_EXTRACTED MATERIAL_

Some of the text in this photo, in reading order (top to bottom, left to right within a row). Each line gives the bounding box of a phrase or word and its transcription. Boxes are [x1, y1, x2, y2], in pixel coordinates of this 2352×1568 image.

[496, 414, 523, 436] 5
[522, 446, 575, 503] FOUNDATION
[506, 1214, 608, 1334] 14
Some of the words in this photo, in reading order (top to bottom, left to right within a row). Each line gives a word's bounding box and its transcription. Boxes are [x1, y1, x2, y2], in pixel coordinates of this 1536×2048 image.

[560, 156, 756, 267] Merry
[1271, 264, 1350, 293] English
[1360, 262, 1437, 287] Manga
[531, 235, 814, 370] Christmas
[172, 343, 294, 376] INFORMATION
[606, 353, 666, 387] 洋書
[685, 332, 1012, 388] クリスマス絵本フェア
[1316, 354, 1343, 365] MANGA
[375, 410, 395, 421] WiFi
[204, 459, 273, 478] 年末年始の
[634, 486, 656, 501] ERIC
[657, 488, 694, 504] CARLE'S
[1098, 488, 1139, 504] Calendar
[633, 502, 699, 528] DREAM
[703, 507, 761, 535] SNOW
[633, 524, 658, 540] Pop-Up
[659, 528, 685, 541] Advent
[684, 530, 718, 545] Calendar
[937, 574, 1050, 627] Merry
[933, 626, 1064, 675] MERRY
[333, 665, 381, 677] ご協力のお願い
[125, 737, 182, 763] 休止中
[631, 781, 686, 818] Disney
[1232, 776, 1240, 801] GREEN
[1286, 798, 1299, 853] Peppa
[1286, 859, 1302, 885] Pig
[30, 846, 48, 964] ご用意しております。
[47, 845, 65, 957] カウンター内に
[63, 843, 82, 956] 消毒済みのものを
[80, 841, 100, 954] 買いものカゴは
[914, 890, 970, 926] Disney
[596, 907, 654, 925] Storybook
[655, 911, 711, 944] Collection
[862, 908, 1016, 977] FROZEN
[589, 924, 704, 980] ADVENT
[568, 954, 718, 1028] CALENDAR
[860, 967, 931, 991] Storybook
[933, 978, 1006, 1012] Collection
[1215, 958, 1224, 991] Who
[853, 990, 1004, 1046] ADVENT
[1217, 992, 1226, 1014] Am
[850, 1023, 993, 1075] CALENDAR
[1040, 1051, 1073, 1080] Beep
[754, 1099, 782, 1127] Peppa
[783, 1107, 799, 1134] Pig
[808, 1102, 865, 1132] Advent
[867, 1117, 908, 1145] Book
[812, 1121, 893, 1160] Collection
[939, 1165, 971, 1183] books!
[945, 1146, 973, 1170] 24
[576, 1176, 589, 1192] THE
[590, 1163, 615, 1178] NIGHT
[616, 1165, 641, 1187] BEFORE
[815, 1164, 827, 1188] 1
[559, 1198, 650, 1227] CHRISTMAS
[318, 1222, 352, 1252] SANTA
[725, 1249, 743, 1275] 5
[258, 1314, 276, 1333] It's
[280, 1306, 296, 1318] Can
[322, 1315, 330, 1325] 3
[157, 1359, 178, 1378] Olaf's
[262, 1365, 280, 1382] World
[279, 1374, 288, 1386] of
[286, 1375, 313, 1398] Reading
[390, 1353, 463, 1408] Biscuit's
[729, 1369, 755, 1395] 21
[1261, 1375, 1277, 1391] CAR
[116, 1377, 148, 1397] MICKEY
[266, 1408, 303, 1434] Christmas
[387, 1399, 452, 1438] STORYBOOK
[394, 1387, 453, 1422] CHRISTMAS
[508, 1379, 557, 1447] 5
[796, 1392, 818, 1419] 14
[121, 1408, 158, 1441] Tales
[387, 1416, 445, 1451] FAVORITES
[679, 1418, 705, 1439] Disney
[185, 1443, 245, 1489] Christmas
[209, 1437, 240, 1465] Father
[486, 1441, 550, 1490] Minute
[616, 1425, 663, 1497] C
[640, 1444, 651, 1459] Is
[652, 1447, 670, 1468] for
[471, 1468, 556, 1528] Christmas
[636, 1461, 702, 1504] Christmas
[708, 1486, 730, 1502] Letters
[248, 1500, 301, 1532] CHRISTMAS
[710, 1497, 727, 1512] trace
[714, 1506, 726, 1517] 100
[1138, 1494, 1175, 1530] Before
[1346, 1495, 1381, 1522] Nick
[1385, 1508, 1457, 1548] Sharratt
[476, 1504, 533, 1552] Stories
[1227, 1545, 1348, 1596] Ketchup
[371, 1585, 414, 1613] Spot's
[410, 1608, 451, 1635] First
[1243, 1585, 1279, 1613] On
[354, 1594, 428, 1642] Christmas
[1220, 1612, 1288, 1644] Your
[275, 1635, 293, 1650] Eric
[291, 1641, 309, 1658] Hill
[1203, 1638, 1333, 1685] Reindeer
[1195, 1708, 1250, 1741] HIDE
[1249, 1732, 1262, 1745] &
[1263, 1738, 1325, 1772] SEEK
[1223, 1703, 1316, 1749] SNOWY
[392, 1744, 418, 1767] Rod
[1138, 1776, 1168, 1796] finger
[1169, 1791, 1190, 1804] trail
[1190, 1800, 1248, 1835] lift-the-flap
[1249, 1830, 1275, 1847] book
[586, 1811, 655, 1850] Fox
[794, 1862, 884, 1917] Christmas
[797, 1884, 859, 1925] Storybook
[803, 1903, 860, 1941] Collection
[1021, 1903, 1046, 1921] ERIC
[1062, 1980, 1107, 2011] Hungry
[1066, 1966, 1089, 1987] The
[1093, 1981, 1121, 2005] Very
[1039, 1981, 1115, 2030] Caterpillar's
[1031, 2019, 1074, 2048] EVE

_AIM OF THE EXERCISE_
Set the data above down again in full, exactly as it reads.

_RESPONSE AREA_
Some of the text in this photo, in reading order (top to bottom, left to right within a row). Each line gives the bounding box of a phrase or word and its transcription. Boxes are [x1, y1, x2, y2], in pixel coordinates of this 2352×1568 image.

[496, 414, 523, 436] 5
[522, 446, 575, 503] FOUNDATION
[506, 1214, 608, 1334] 14
Some of the words in this photo, in reading order (top to bottom, left to right within a row). Each line gives a word's bounding box and its transcription. Boxes are [x1, y1, x2, y2], in pixel coordinates of this 1536×2048 image.

[560, 156, 756, 267] Merry
[1271, 264, 1350, 293] English
[1360, 262, 1437, 287] Manga
[531, 235, 814, 370] Christmas
[172, 343, 294, 376] INFORMATION
[606, 353, 666, 387] 洋書
[685, 332, 1012, 388] クリスマス絵本フェア
[1316, 354, 1343, 365] MANGA
[375, 410, 395, 421] WiFi
[204, 459, 273, 478] 年末年始の
[634, 486, 656, 501] ERIC
[657, 488, 694, 504] CARLE'S
[1098, 488, 1139, 504] Calendar
[633, 502, 699, 528] DREAM
[703, 507, 761, 535] SNOW
[633, 524, 658, 540] Pop-Up
[659, 528, 685, 541] Advent
[684, 530, 718, 545] Calendar
[937, 574, 1050, 627] Merry
[933, 626, 1064, 675] MERRY
[333, 665, 381, 677] ご協力のお願い
[125, 737, 182, 763] 休止中
[631, 781, 686, 818] Disney
[1232, 776, 1240, 801] GREEN
[1286, 798, 1299, 853] Peppa
[1286, 859, 1302, 885] Pig
[30, 846, 48, 964] ご用意しております。
[47, 845, 65, 957] カウンター内に
[63, 843, 82, 956] 消毒済みのものを
[80, 841, 100, 954] 買いものカゴは
[914, 890, 970, 926] Disney
[596, 907, 654, 925] Storybook
[655, 911, 711, 944] Collection
[862, 908, 1016, 977] FROZEN
[589, 924, 704, 980] ADVENT
[568, 954, 718, 1028] CALENDAR
[860, 967, 931, 991] Storybook
[933, 978, 1006, 1012] Collection
[1215, 958, 1224, 991] Who
[853, 990, 1004, 1046] ADVENT
[1217, 992, 1226, 1014] Am
[850, 1023, 993, 1075] CALENDAR
[1040, 1051, 1073, 1080] Beep
[754, 1099, 782, 1127] Peppa
[783, 1107, 799, 1134] Pig
[808, 1102, 865, 1132] Advent
[867, 1117, 908, 1145] Book
[812, 1121, 893, 1160] Collection
[939, 1165, 971, 1183] books!
[945, 1146, 973, 1170] 24
[576, 1176, 589, 1192] THE
[590, 1163, 615, 1178] NIGHT
[616, 1165, 641, 1187] BEFORE
[815, 1164, 827, 1188] 1
[559, 1198, 650, 1227] CHRISTMAS
[318, 1222, 352, 1252] SANTA
[725, 1249, 743, 1275] 5
[258, 1314, 276, 1333] It's
[280, 1306, 296, 1318] Can
[322, 1315, 330, 1325] 3
[157, 1359, 178, 1378] Olaf's
[262, 1365, 280, 1382] World
[279, 1374, 288, 1386] of
[286, 1375, 313, 1398] Reading
[390, 1353, 463, 1408] Biscuit's
[729, 1369, 755, 1395] 21
[1261, 1375, 1277, 1391] CAR
[116, 1377, 148, 1397] MICKEY
[266, 1408, 303, 1434] Christmas
[387, 1399, 452, 1438] STORYBOOK
[394, 1387, 453, 1422] CHRISTMAS
[508, 1379, 557, 1447] 5
[796, 1392, 818, 1419] 14
[121, 1408, 158, 1441] Tales
[387, 1416, 445, 1451] FAVORITES
[679, 1418, 705, 1439] Disney
[185, 1443, 245, 1489] Christmas
[209, 1437, 240, 1465] Father
[486, 1441, 550, 1490] Minute
[616, 1425, 663, 1497] C
[640, 1444, 651, 1459] Is
[652, 1447, 670, 1468] for
[471, 1468, 556, 1528] Christmas
[636, 1461, 702, 1504] Christmas
[708, 1486, 730, 1502] Letters
[248, 1500, 301, 1532] CHRISTMAS
[710, 1497, 727, 1512] trace
[714, 1506, 726, 1517] 100
[1138, 1494, 1175, 1530] Before
[1346, 1495, 1381, 1522] Nick
[1385, 1508, 1457, 1548] Sharratt
[476, 1504, 533, 1552] Stories
[1227, 1545, 1348, 1596] Ketchup
[371, 1585, 414, 1613] Spot's
[410, 1608, 451, 1635] First
[1243, 1585, 1279, 1613] On
[354, 1594, 428, 1642] Christmas
[1220, 1612, 1288, 1644] Your
[275, 1635, 293, 1650] Eric
[291, 1641, 309, 1658] Hill
[1203, 1638, 1333, 1685] Reindeer
[1195, 1708, 1250, 1741] HIDE
[1249, 1732, 1262, 1745] &
[1263, 1738, 1325, 1772] SEEK
[1223, 1703, 1316, 1749] SNOWY
[392, 1744, 418, 1767] Rod
[1138, 1776, 1168, 1796] finger
[1169, 1791, 1190, 1804] trail
[1190, 1800, 1248, 1835] lift-the-flap
[1249, 1830, 1275, 1847] book
[586, 1811, 655, 1850] Fox
[794, 1862, 884, 1917] Christmas
[797, 1884, 859, 1925] Storybook
[803, 1903, 860, 1941] Collection
[1021, 1903, 1046, 1921] ERIC
[1062, 1980, 1107, 2011] Hungry
[1066, 1966, 1089, 1987] The
[1093, 1981, 1121, 2005] Very
[1039, 1981, 1115, 2030] Caterpillar's
[1031, 2019, 1074, 2048] EVE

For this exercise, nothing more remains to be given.